Existem momentos na vida em que um homem tem que saber recuar, dizer adeus e sumir. Simples momentos em que você só tem que mover sua bunda e dar o fora de onde está. Eu havia chego naquele momento, olhado direto no rosto dele e deixado passar. Fiquei ali parado, enfiando as mãos nos bolsos e observando os anjos inquisidores naquele altar, olhando pra nós dois como se soubessem mais do destino do que qualquer um.

Como eu odeio igrejas.

— Você já arranjou outra, Alec? — um suspiro se soltou dela, parecia uma pergunta complicada.

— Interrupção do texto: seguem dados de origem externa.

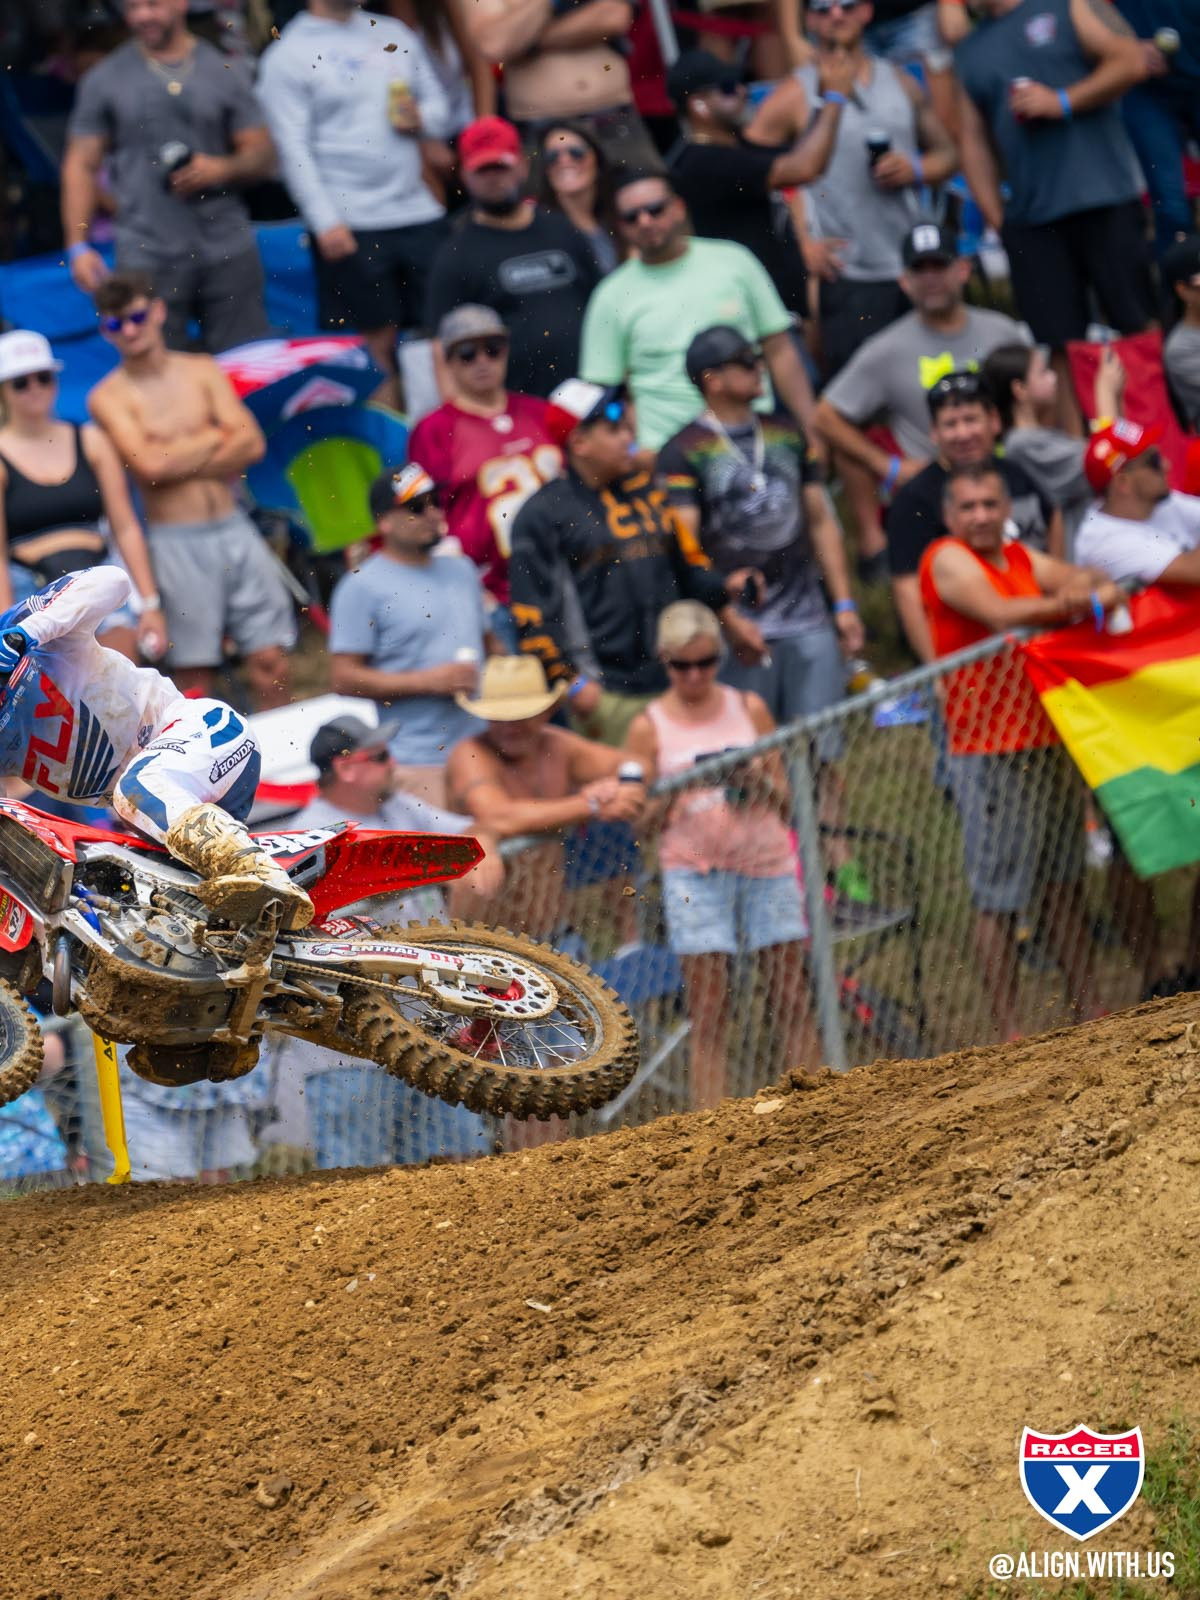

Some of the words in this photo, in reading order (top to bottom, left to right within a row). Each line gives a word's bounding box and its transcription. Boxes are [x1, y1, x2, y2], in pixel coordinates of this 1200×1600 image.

— Não. Não tenho tempo pra isso. — achei graça, mas não olhei pra ela. Meus sapatos pareciam bem mais interessantes do que cruzar meus olhos com Anne de novo. — Você sabe disso. Eu nem tinha tempo pra você.

— Mesmo assim me traiu.

— Isso não vem ao caso. — e lá veio o momento de novo, minha chance de ir embora antes que ela começasse a gritar e chorar. Mas ela não gritou, nem me bateu como eu esperava.

— Nada vem ao caso pra você... — a mágoa era nítida na voz dela.

— Não é assim, Anne...

— Você me deixou sozinha! Você nos deixou! —vi que ela apertou a barriga por baixo daquele suéter feio quando ergueu a voz.